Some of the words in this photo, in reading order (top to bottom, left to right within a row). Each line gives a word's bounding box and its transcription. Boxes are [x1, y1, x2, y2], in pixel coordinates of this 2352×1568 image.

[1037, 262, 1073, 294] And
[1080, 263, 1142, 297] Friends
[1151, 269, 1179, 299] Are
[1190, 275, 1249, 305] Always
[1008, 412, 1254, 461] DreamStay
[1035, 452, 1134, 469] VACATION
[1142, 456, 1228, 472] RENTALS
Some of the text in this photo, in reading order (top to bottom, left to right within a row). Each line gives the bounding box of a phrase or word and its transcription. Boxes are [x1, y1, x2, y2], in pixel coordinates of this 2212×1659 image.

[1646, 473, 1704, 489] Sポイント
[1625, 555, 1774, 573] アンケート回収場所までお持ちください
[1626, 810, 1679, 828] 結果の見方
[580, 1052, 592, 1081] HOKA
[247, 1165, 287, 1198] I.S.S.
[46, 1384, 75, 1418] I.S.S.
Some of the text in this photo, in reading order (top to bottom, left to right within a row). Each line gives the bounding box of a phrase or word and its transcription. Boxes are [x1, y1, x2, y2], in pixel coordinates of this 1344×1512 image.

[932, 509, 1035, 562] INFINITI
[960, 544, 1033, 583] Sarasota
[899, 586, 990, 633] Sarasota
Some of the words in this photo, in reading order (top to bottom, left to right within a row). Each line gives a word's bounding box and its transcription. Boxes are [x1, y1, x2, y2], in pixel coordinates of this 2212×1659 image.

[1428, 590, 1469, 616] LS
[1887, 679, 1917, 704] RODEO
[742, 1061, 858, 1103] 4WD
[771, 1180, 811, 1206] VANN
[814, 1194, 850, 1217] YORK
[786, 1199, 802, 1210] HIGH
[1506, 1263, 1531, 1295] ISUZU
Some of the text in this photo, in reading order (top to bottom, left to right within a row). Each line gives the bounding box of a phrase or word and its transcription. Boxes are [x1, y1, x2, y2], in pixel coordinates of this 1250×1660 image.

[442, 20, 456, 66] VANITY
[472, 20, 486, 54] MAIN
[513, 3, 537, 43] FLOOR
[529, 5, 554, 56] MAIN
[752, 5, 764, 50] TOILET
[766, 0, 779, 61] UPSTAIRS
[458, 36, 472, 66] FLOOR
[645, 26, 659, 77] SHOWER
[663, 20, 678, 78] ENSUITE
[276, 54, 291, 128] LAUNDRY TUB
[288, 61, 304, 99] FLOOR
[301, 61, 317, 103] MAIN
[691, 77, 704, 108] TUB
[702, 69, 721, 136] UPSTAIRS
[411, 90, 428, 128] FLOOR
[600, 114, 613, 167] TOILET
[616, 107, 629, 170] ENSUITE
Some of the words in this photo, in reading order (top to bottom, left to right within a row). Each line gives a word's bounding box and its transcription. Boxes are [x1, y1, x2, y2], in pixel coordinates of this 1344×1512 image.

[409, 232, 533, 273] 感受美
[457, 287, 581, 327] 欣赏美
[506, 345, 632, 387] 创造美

+ + + +

== Task ==
Please copy each line above exactly as written.

== Output below ==
Some of the words in this photo, in reading order (top to bottom, left to right within a row). Each line gives a word's bounding box and its transcription. Boxes are [x1, y1, x2, y2], in pixel coordinates of this 2352×1568 image.

[1037, 262, 1073, 294] And
[1080, 263, 1142, 297] Friends
[1151, 269, 1179, 299] Are
[1190, 275, 1249, 305] Always
[1008, 412, 1254, 461] DreamStay
[1035, 452, 1134, 469] VACATION
[1142, 456, 1228, 472] RENTALS
Some of the text in this photo, in reading order (top to bottom, left to right within a row). Each line gives the bounding box of a phrase or word and its transcription. Boxes are [x1, y1, x2, y2], in pixel coordinates of this 2212×1659 image.

[1646, 473, 1704, 489] Sポイント
[1625, 555, 1774, 573] アンケート回収場所までお持ちください
[1626, 810, 1679, 828] 結果の見方
[580, 1052, 592, 1081] HOKA
[247, 1165, 287, 1198] I.S.S.
[46, 1384, 75, 1418] I.S.S.
Some of the text in this photo, in reading order (top to bottom, left to right within a row). Each line gives the bounding box of a phrase or word and its transcription. Boxes are [x1, y1, x2, y2], in pixel coordinates of this 1344×1512 image.

[932, 509, 1035, 562] INFINITI
[960, 544, 1033, 583] Sarasota
[899, 586, 990, 633] Sarasota
Some of the words in this photo, in reading order (top to bottom, left to right within a row). Each line gives a word's bounding box and its transcription. Boxes are [x1, y1, x2, y2], in pixel coordinates of this 2212×1659 image.

[1428, 590, 1469, 616] LS
[1887, 679, 1917, 704] RODEO
[742, 1061, 858, 1103] 4WD
[771, 1180, 811, 1206] VANN
[814, 1194, 850, 1217] YORK
[786, 1199, 802, 1210] HIGH
[1506, 1263, 1531, 1295] ISUZU
Some of the text in this photo, in reading order (top to bottom, left to right within a row). Each line gives the bounding box of a phrase or word and its transcription. Boxes are [x1, y1, x2, y2], in pixel coordinates of this 1250×1660 image.

[442, 20, 456, 66] VANITY
[472, 20, 486, 54] MAIN
[513, 3, 537, 43] FLOOR
[529, 5, 554, 56] MAIN
[752, 5, 764, 50] TOILET
[766, 0, 779, 61] UPSTAIRS
[458, 36, 472, 66] FLOOR
[645, 26, 659, 77] SHOWER
[663, 20, 678, 78] ENSUITE
[276, 54, 291, 128] LAUNDRY TUB
[288, 61, 304, 99] FLOOR
[301, 61, 317, 103] MAIN
[691, 77, 704, 108] TUB
[702, 69, 721, 136] UPSTAIRS
[411, 90, 428, 128] FLOOR
[600, 114, 613, 167] TOILET
[616, 107, 629, 170] ENSUITE
Some of the words in this photo, in reading order (top to bottom, left to right within a row). Each line gives a word's bounding box and its transcription. Boxes are [x1, y1, x2, y2], in pixel coordinates of this 1344×1512 image.

[409, 232, 533, 273] 感受美
[457, 287, 581, 327] 欣赏美
[506, 345, 632, 387] 创造美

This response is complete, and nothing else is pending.